**Task to complete**
Where the data below contains pictures, omit them; output the rest word for word.

**The data**
--------------------

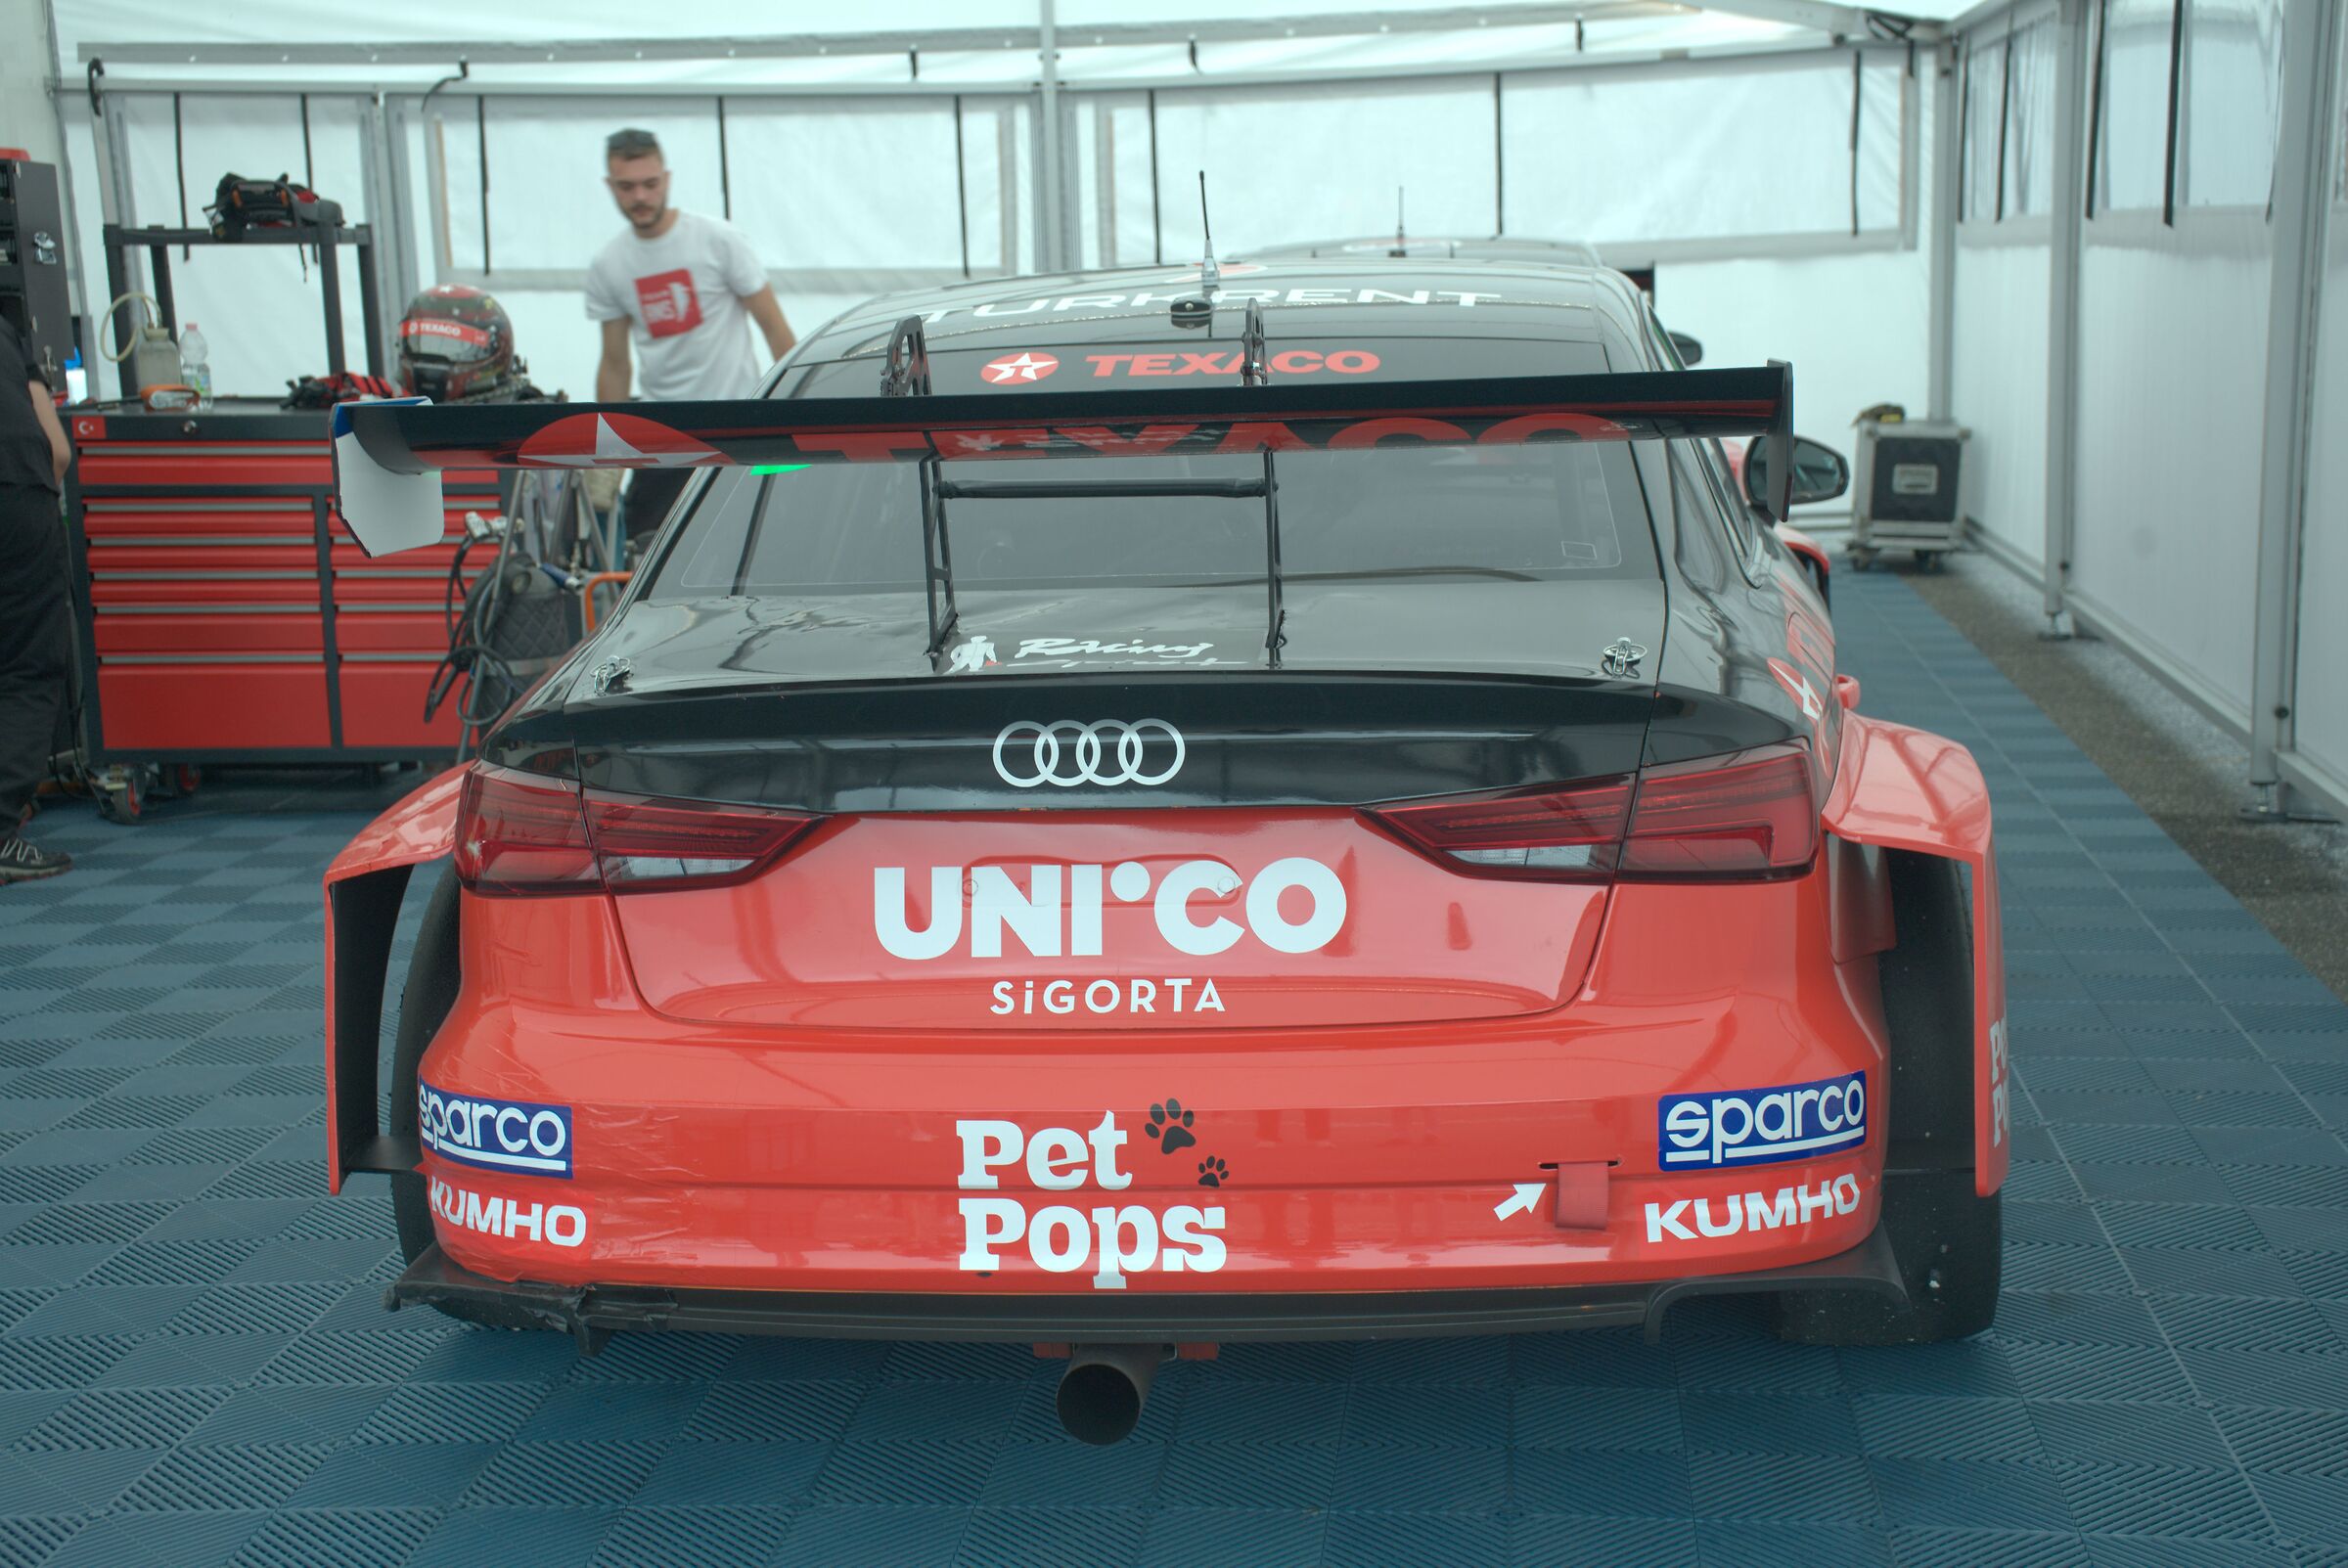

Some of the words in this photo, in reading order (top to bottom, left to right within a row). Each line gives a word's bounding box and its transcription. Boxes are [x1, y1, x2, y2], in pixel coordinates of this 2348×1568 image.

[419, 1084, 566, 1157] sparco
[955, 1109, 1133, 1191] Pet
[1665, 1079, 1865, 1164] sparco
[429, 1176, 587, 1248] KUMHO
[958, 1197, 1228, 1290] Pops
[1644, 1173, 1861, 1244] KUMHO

--------------------

**Finished task**
Some of the words in this photo, in reading order (top to bottom, left to right within a row). Each line gives a word's bounding box and its transcription. Boxes are [x1, y1, x2, y2], in pixel coordinates of this 2348×1568 image.

[419, 1084, 566, 1157] sparco
[955, 1109, 1133, 1191] Pet
[1665, 1079, 1865, 1164] sparco
[429, 1176, 587, 1248] KUMHO
[958, 1197, 1228, 1290] Pops
[1644, 1173, 1861, 1244] KUMHO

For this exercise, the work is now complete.